Excerpted data below:
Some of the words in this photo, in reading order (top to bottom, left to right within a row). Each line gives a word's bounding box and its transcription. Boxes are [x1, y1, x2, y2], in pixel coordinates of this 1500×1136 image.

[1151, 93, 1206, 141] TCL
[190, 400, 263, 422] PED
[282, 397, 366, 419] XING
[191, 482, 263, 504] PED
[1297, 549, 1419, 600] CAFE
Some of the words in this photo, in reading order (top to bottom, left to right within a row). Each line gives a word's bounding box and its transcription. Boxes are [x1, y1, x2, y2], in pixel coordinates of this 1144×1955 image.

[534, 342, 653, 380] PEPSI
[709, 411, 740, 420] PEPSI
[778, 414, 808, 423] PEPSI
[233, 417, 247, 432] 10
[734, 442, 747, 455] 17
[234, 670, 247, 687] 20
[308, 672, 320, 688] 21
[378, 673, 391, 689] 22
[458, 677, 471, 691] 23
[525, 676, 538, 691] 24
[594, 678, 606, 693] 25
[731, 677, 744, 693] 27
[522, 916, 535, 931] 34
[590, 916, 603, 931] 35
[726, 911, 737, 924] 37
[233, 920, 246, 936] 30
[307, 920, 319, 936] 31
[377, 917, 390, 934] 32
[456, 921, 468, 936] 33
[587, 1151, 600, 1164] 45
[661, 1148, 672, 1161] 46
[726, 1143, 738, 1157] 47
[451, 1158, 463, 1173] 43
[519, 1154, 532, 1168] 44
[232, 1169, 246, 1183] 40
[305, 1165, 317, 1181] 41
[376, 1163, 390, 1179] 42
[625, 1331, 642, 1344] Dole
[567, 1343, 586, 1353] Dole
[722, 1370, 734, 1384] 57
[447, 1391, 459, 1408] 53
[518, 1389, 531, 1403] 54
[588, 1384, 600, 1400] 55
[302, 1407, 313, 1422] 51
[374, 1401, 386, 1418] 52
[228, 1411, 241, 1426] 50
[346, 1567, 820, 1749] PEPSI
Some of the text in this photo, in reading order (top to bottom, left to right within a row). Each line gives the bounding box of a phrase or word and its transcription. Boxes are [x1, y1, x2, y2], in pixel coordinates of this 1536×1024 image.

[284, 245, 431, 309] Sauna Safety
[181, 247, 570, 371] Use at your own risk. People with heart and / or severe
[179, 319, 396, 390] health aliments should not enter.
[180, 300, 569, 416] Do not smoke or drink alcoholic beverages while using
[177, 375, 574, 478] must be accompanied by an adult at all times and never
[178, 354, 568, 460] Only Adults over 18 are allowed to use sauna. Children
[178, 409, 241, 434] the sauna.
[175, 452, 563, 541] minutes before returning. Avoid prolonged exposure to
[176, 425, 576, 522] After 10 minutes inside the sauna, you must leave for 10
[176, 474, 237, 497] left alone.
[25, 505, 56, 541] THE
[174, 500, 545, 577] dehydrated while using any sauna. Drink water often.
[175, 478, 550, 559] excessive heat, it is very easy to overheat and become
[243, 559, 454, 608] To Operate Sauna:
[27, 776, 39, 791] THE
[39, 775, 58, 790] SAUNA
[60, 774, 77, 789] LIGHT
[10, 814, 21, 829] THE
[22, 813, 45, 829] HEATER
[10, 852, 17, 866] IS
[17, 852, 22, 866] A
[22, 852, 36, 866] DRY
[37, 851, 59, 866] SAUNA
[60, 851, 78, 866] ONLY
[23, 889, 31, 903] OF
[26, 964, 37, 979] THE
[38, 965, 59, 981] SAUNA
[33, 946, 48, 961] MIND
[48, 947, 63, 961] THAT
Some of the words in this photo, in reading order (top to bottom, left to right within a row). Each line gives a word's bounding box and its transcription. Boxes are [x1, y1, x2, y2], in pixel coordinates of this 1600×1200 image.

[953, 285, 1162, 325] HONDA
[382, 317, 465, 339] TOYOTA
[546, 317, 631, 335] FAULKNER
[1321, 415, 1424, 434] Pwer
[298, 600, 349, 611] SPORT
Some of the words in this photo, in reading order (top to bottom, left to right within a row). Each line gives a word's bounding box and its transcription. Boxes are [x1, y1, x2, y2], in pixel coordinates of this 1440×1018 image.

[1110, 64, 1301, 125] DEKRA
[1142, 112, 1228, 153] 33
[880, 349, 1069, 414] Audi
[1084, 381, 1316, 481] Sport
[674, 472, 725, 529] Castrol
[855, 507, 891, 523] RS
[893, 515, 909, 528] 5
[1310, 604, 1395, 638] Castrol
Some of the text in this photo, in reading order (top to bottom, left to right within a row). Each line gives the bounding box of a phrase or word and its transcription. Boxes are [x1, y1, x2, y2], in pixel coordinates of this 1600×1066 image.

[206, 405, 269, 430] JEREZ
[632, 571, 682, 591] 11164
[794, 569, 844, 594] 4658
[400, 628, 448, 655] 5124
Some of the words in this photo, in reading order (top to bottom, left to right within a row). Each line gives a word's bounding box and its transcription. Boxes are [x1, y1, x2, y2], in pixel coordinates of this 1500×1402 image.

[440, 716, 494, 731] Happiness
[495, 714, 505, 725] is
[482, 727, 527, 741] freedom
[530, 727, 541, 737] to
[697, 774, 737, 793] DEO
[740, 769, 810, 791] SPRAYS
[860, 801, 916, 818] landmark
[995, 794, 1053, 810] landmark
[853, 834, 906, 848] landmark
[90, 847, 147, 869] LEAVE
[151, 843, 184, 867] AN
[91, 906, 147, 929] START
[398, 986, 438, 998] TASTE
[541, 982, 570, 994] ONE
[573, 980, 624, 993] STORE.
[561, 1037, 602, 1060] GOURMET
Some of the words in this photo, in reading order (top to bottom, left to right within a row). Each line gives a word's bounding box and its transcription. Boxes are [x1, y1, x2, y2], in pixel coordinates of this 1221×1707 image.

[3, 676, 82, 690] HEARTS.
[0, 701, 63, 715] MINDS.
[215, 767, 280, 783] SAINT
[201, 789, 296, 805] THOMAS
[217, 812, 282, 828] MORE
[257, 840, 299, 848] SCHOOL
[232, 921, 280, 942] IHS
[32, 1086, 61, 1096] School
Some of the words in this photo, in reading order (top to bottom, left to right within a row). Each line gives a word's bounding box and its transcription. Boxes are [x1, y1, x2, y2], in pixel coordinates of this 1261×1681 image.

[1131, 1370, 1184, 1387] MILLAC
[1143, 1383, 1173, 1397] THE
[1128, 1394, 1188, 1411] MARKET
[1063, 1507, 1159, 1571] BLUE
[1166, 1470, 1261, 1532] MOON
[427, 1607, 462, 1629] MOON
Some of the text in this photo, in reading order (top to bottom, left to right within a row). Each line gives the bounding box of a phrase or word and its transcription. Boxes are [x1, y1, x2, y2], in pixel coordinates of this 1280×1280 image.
End of Excerpted data.
Please write out the records from above, keeping every line exact.

Some of the words in this photo, in reading order (top to bottom, left to right within a row). Each line gives a word's bounding box and its transcription. Boxes are [x1, y1, x2, y2], in pixel coordinates of this 1500×1136 image.

[1151, 93, 1206, 141] TCL
[190, 400, 263, 422] PED
[282, 397, 366, 419] XING
[191, 482, 263, 504] PED
[1297, 549, 1419, 600] CAFE
Some of the words in this photo, in reading order (top to bottom, left to right within a row). Each line gives a word's bounding box and its transcription. Boxes are [x1, y1, x2, y2], in pixel coordinates of this 1144×1955 image.

[534, 342, 653, 380] PEPSI
[709, 411, 740, 420] PEPSI
[778, 414, 808, 423] PEPSI
[233, 417, 247, 432] 10
[734, 442, 747, 455] 17
[234, 670, 247, 687] 20
[308, 672, 320, 688] 21
[378, 673, 391, 689] 22
[458, 677, 471, 691] 23
[525, 676, 538, 691] 24
[594, 678, 606, 693] 25
[731, 677, 744, 693] 27
[522, 916, 535, 931] 34
[590, 916, 603, 931] 35
[726, 911, 737, 924] 37
[233, 920, 246, 936] 30
[307, 920, 319, 936] 31
[377, 917, 390, 934] 32
[456, 921, 468, 936] 33
[587, 1151, 600, 1164] 45
[661, 1148, 672, 1161] 46
[726, 1143, 738, 1157] 47
[451, 1158, 463, 1173] 43
[519, 1154, 532, 1168] 44
[232, 1169, 246, 1183] 40
[305, 1165, 317, 1181] 41
[376, 1163, 390, 1179] 42
[625, 1331, 642, 1344] Dole
[567, 1343, 586, 1353] Dole
[722, 1370, 734, 1384] 57
[447, 1391, 459, 1408] 53
[518, 1389, 531, 1403] 54
[588, 1384, 600, 1400] 55
[302, 1407, 313, 1422] 51
[374, 1401, 386, 1418] 52
[228, 1411, 241, 1426] 50
[346, 1567, 820, 1749] PEPSI
Some of the text in this photo, in reading order (top to bottom, left to right within a row). Each line gives the bounding box of a phrase or word and its transcription. Boxes are [x1, y1, x2, y2], in pixel coordinates of this 1536×1024 image.

[284, 245, 431, 309] Sauna Safety
[181, 247, 570, 371] Use at your own risk. People with heart and / or severe
[179, 319, 396, 390] health aliments should not enter.
[180, 300, 569, 416] Do not smoke or drink alcoholic beverages while using
[177, 375, 574, 478] must be accompanied by an adult at all times and never
[178, 354, 568, 460] Only Adults over 18 are allowed to use sauna. Children
[178, 409, 241, 434] the sauna.
[175, 452, 563, 541] minutes before returning. Avoid prolonged exposure to
[176, 425, 576, 522] After 10 minutes inside the sauna, you must leave for 10
[176, 474, 237, 497] left alone.
[25, 505, 56, 541] THE
[174, 500, 545, 577] dehydrated while using any sauna. Drink water often.
[175, 478, 550, 559] excessive heat, it is very easy to overheat and become
[243, 559, 454, 608] To Operate Sauna:
[27, 776, 39, 791] THE
[39, 775, 58, 790] SAUNA
[60, 774, 77, 789] LIGHT
[10, 814, 21, 829] THE
[22, 813, 45, 829] HEATER
[10, 852, 17, 866] IS
[17, 852, 22, 866] A
[22, 852, 36, 866] DRY
[37, 851, 59, 866] SAUNA
[60, 851, 78, 866] ONLY
[23, 889, 31, 903] OF
[26, 964, 37, 979] THE
[38, 965, 59, 981] SAUNA
[33, 946, 48, 961] MIND
[48, 947, 63, 961] THAT
Some of the words in this photo, in reading order (top to bottom, left to right within a row). Each line gives a word's bounding box and its transcription. Boxes are [x1, y1, x2, y2], in pixel coordinates of this 1600×1200 image.

[953, 285, 1162, 325] HONDA
[382, 317, 465, 339] TOYOTA
[546, 317, 631, 335] FAULKNER
[1321, 415, 1424, 434] Pwer
[298, 600, 349, 611] SPORT
Some of the words in this photo, in reading order (top to bottom, left to right within a row). Each line gives a word's bounding box and its transcription. Boxes are [x1, y1, x2, y2], in pixel coordinates of this 1440×1018 image.

[1110, 64, 1301, 125] DEKRA
[1142, 112, 1228, 153] 33
[880, 349, 1069, 414] Audi
[1084, 381, 1316, 481] Sport
[674, 472, 725, 529] Castrol
[855, 507, 891, 523] RS
[893, 515, 909, 528] 5
[1310, 604, 1395, 638] Castrol
Some of the text in this photo, in reading order (top to bottom, left to right within a row). Each line gives the bounding box of a phrase or word and its transcription. Boxes are [x1, y1, x2, y2], in pixel coordinates of this 1600×1066 image.

[206, 405, 269, 430] JEREZ
[632, 571, 682, 591] 11164
[794, 569, 844, 594] 4658
[400, 628, 448, 655] 5124
Some of the words in this photo, in reading order (top to bottom, left to right within a row). Each line gives a word's bounding box and its transcription. Boxes are [x1, y1, x2, y2], in pixel coordinates of this 1500×1402 image.

[440, 716, 494, 731] Happiness
[495, 714, 505, 725] is
[482, 727, 527, 741] freedom
[530, 727, 541, 737] to
[697, 774, 737, 793] DEO
[740, 769, 810, 791] SPRAYS
[860, 801, 916, 818] landmark
[995, 794, 1053, 810] landmark
[853, 834, 906, 848] landmark
[90, 847, 147, 869] LEAVE
[151, 843, 184, 867] AN
[91, 906, 147, 929] START
[398, 986, 438, 998] TASTE
[541, 982, 570, 994] ONE
[573, 980, 624, 993] STORE.
[561, 1037, 602, 1060] GOURMET
Some of the words in this photo, in reading order (top to bottom, left to right within a row). Each line gives a word's bounding box and its transcription. Boxes are [x1, y1, x2, y2], in pixel coordinates of this 1221×1707 image.

[3, 676, 82, 690] HEARTS.
[0, 701, 63, 715] MINDS.
[215, 767, 280, 783] SAINT
[201, 789, 296, 805] THOMAS
[217, 812, 282, 828] MORE
[257, 840, 299, 848] SCHOOL
[232, 921, 280, 942] IHS
[32, 1086, 61, 1096] School
Some of the words in this photo, in reading order (top to bottom, left to right within a row). Each line gives a word's bounding box and its transcription. Boxes are [x1, y1, x2, y2], in pixel coordinates of this 1261×1681 image.

[1131, 1370, 1184, 1387] MILLAC
[1143, 1383, 1173, 1397] THE
[1128, 1394, 1188, 1411] MARKET
[1063, 1507, 1159, 1571] BLUE
[1166, 1470, 1261, 1532] MOON
[427, 1607, 462, 1629] MOON
Some of the text in this photo, in reading order (top to bottom, left to right within a row). Each line gives the bounding box of a phrase or word and its transcription. Boxes are [x1, y1, x2, y2], in pixel coordinates of this 1280×1280 image.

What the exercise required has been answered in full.